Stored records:

====

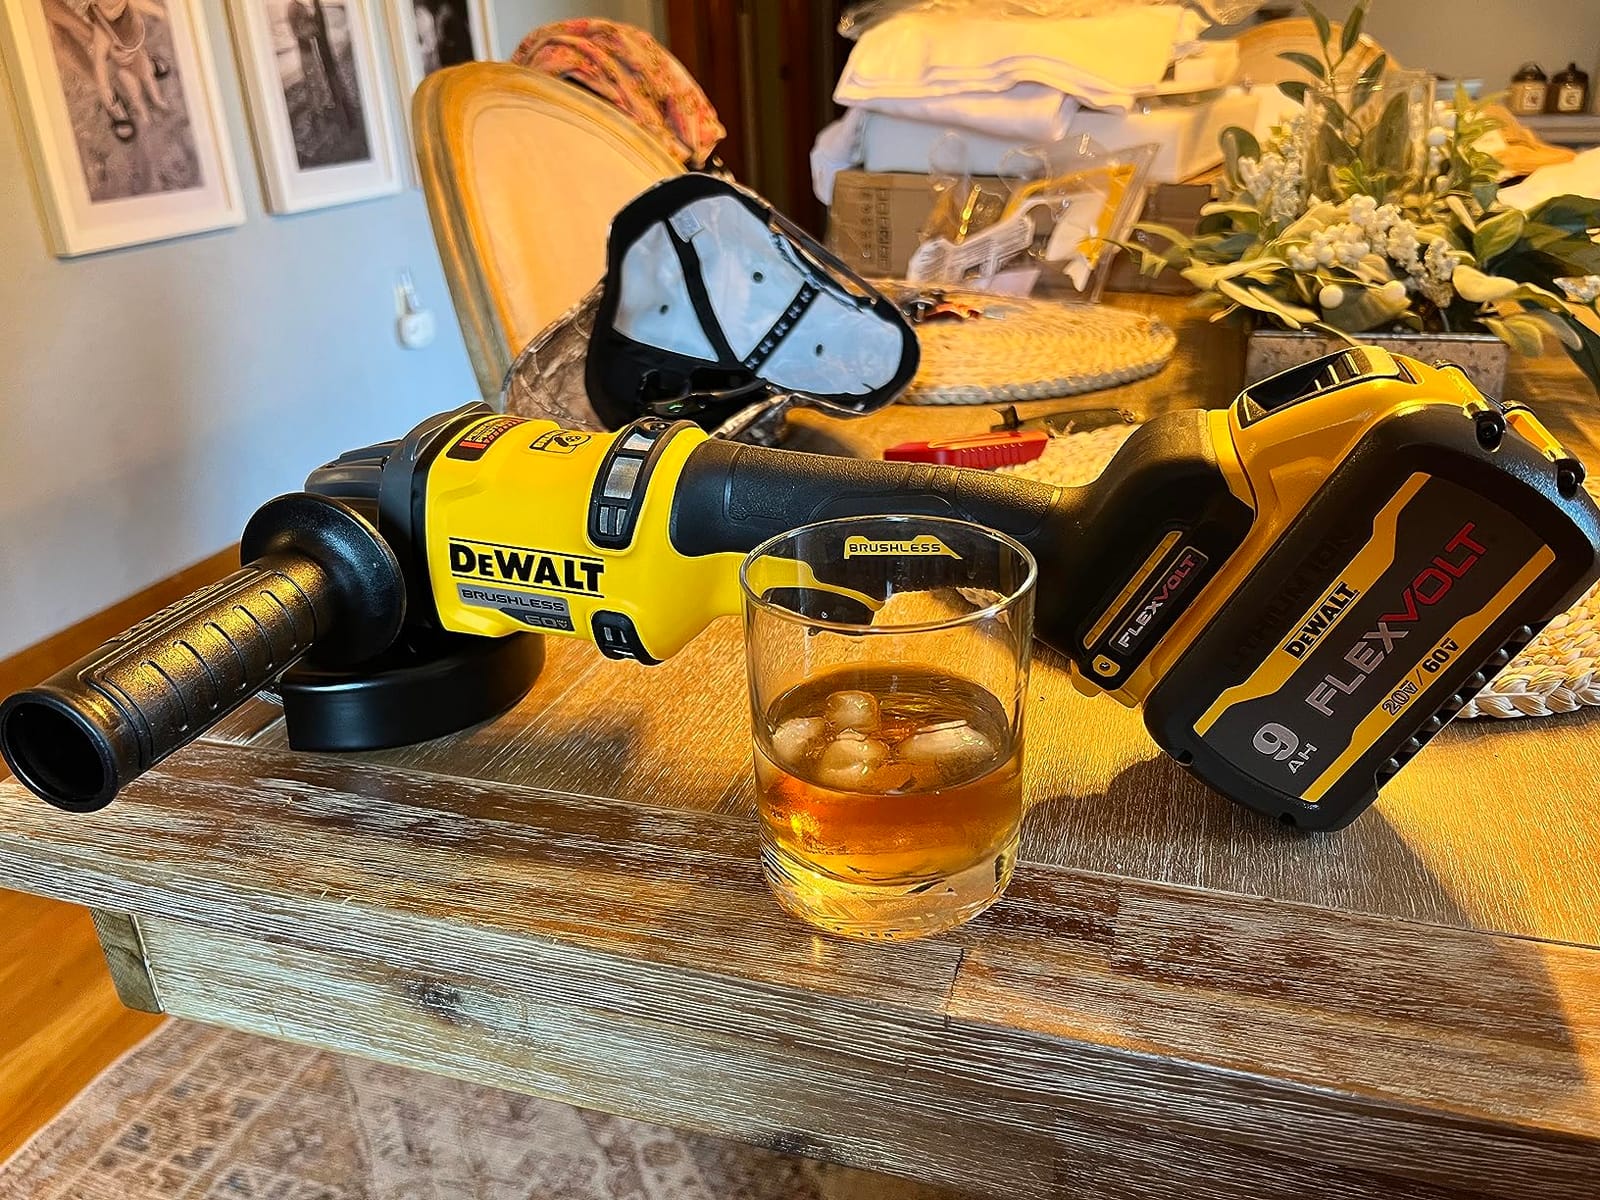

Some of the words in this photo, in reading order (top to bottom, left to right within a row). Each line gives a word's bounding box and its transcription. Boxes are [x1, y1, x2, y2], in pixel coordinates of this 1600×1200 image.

[449, 542, 605, 593] DEWALT
[848, 543, 941, 553] BRUSHLESS
[461, 588, 565, 611] BRUSHLESS
[1117, 554, 1195, 648] FLEXVOLT
[1305, 522, 1487, 717] FLEXVOLT
[1252, 722, 1299, 761] 9
[1287, 742, 1318, 774] AH
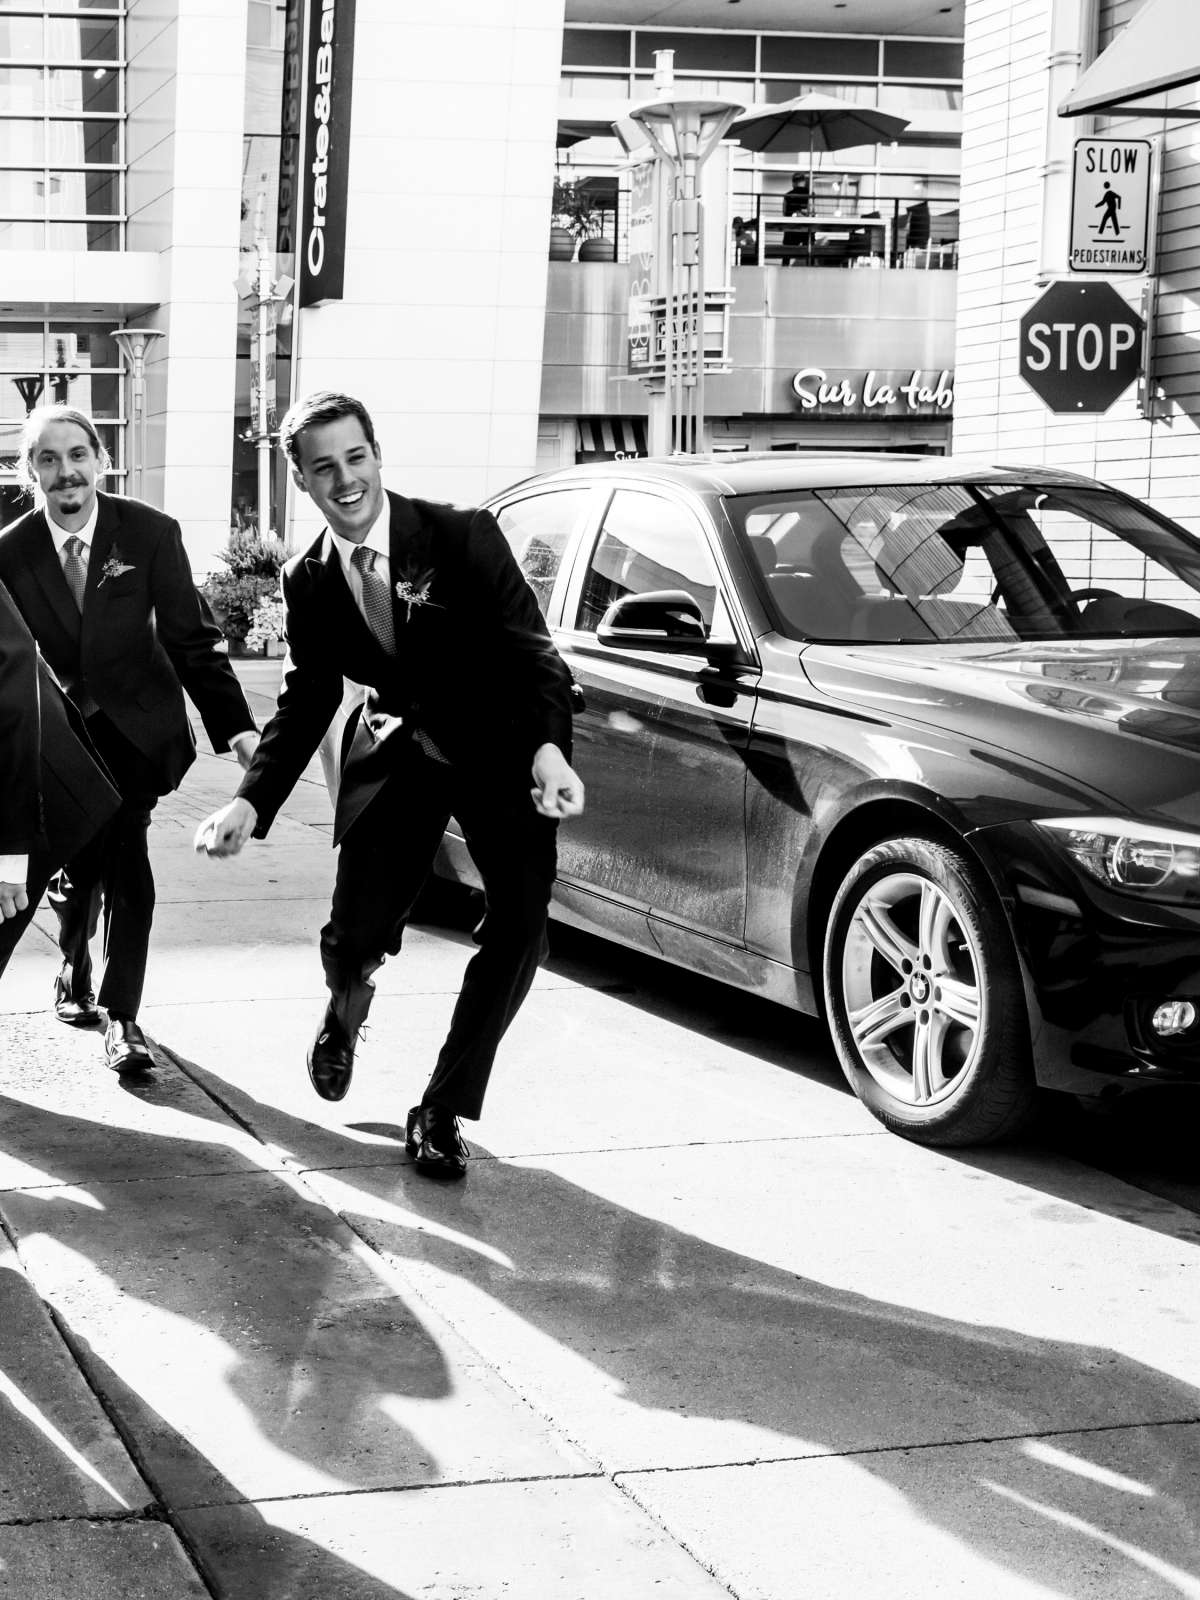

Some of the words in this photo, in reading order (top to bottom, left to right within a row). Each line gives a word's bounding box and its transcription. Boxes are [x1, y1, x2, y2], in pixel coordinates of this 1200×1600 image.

[1086, 147, 1138, 173] SLOW
[1073, 249, 1143, 264] PEDESTRIANS
[1026, 323, 1136, 371] STOP
[793, 368, 857, 409] Sur
[863, 370, 897, 408] la
[900, 369, 954, 410] tab

====

Without including any pictures, print each record exactly.

#### SOLUTION:
Some of the words in this photo, in reading order (top to bottom, left to right within a row). Each line gives a word's bounding box and its transcription. Boxes are [x1, y1, x2, y2], in pixel coordinates of this 1600×1200 image.

[449, 542, 605, 593] DEWALT
[848, 543, 941, 553] BRUSHLESS
[461, 588, 565, 611] BRUSHLESS
[1117, 554, 1195, 648] FLEXVOLT
[1305, 522, 1487, 717] FLEXVOLT
[1252, 722, 1299, 761] 9
[1287, 742, 1318, 774] AH

Some of the words in this photo, in reading order (top to bottom, left to right within a row). Each line gives a word's bounding box and its transcription. Boxes are [x1, y1, x2, y2], in pixel coordinates of this 1200×1600 image.

[1086, 147, 1138, 173] SLOW
[1073, 249, 1143, 264] PEDESTRIANS
[1026, 323, 1136, 371] STOP
[793, 368, 857, 409] Sur
[863, 370, 897, 408] la
[900, 369, 954, 410] tab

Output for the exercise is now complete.